Pregnancy complications are health problems that happen during pregnancy. These can be problems with you, your baby or both.
Going to your pregnancy appointments at the right times, not missing appointments, and telling your midwife or doctor about any symptoms – for example, vaginal bleeding, swelling or severe headaches – will help them pick up problems early and work out what needs to happen.
Tell your midwife or doctor about anything that might affect your care or health – for example, depression.
You will see an obstetrician if it looks like you might have any complications.
If the doctor or midwife is worried about your health or your baby’s health, you might not be able to give birth in the birth centre. This is a decision that the medical team will make with you, but you need to stay flexible.
If you transfer to public hospital care, an obstetrician will see you more often to:
- check your health and your baby’s health
- send you for screening or diagnostic tests, extra scans or counselling
- get other specialist opinions.
You might like to read more about health problems in pregnancy.

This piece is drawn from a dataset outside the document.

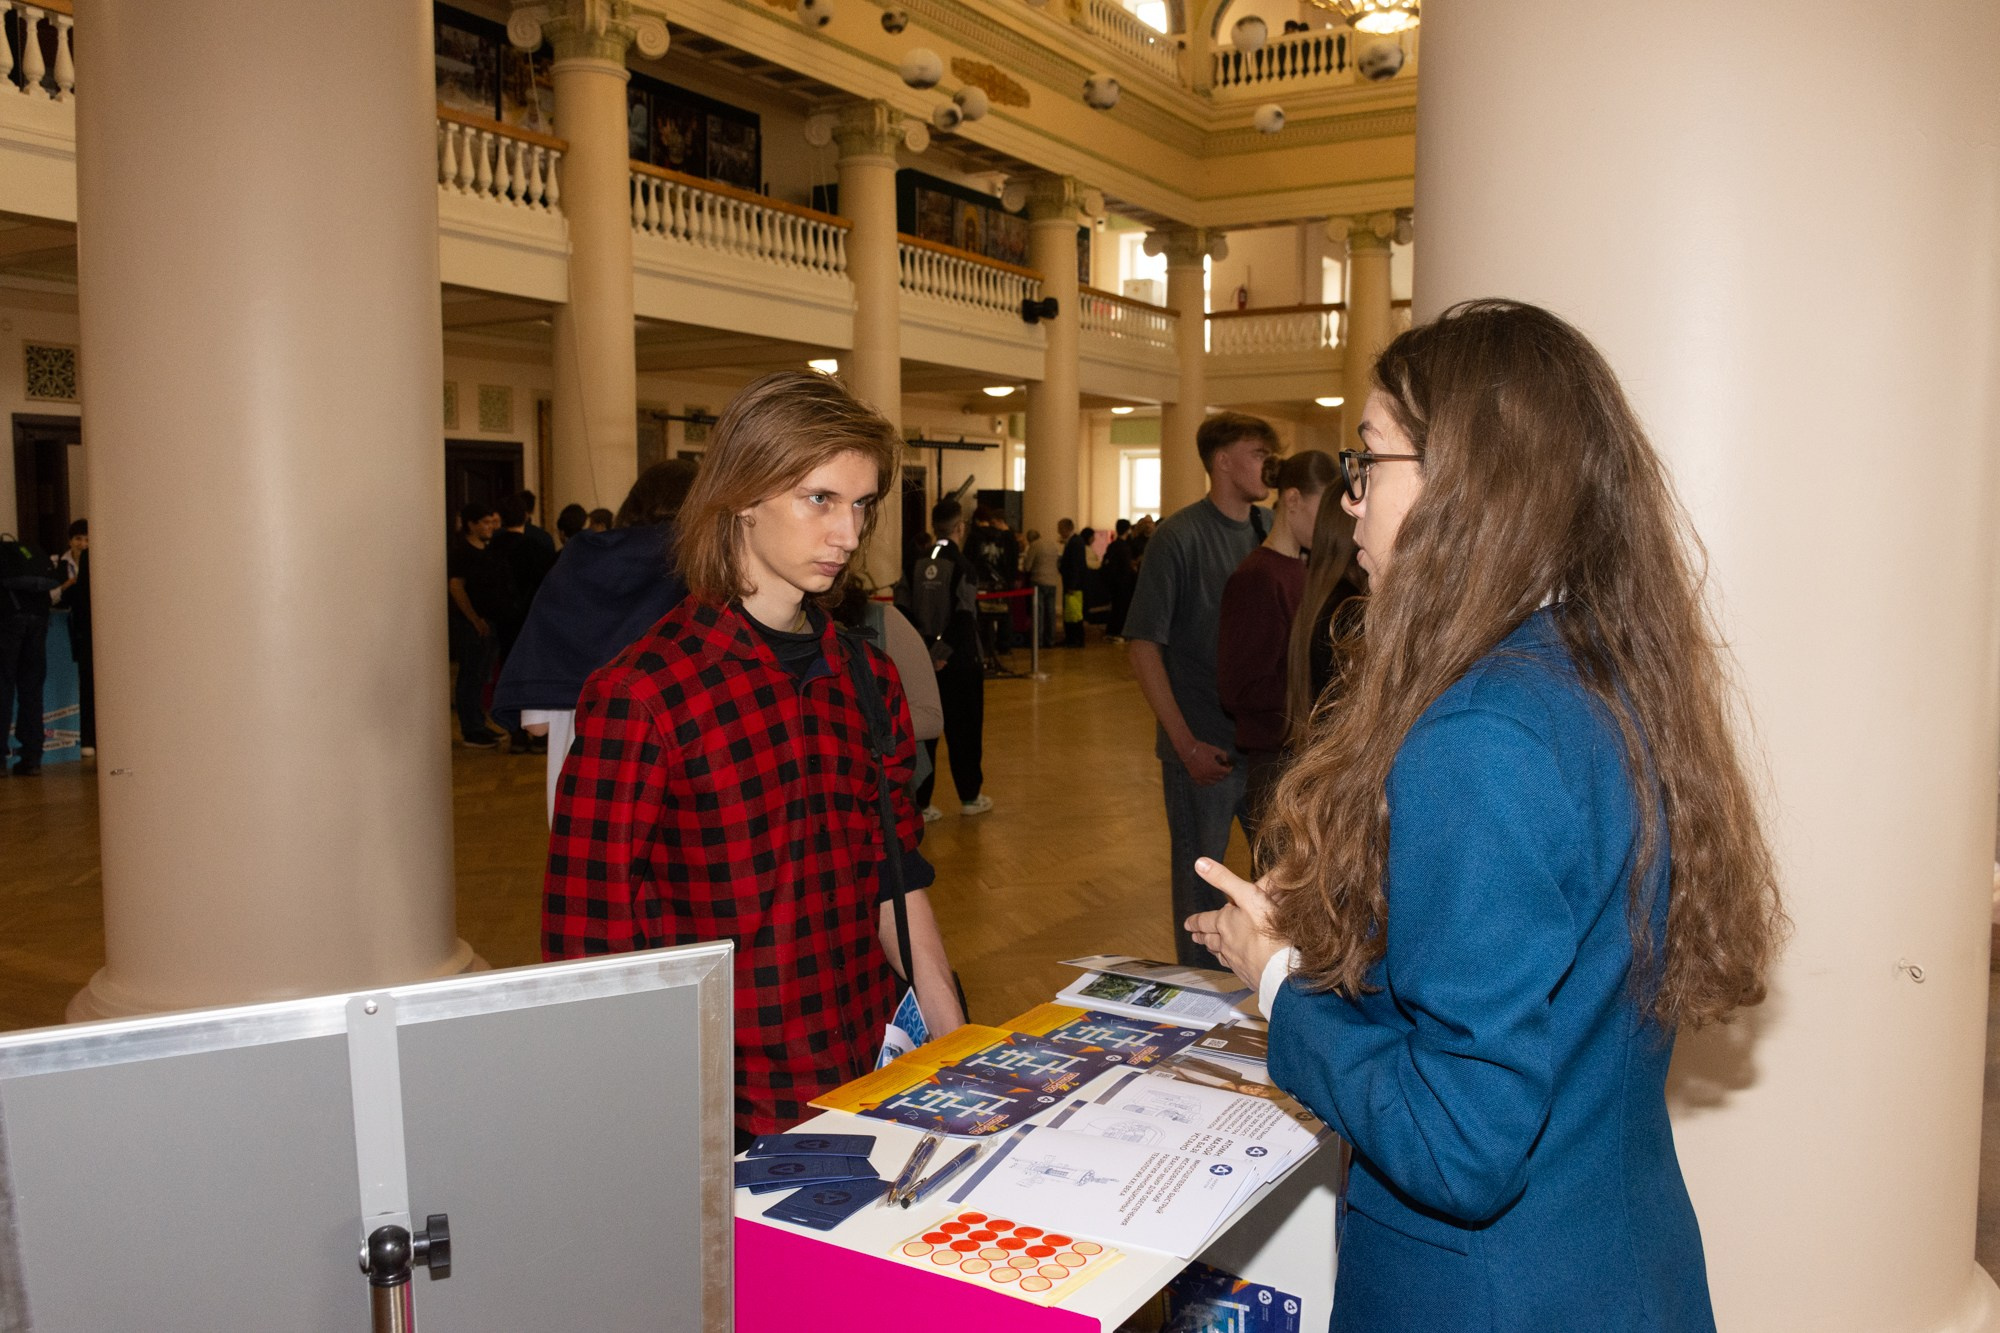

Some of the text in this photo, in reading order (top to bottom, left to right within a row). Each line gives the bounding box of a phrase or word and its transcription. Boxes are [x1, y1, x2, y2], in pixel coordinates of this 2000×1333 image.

[1179, 1132, 1200, 1150] УСТАНО
[1201, 1134, 1212, 1142] НА
[1202, 1137, 1222, 1155] МАЛОЙ

Midwives, usually ones you know, will care for you during labour and assess your progress.
If you or your baby needs extra medical checks or care – for example, a forceps birth or caesarean – the midwives will call an obstetrician. You’ll go to the birthing suite or theatre at the public hospital attached to the birth centre or nearby.
Birth centres aren’t set up to deal with serious birth complications. If you go into labour before 37 weeks or your baby needs high-level medical care, you’ll go to a hospital with a neonatal intensive care unit (NICU) or special care unit (SCU).
Sometimes your baby will need to stay in hospital even after you have recovered and have been sent home.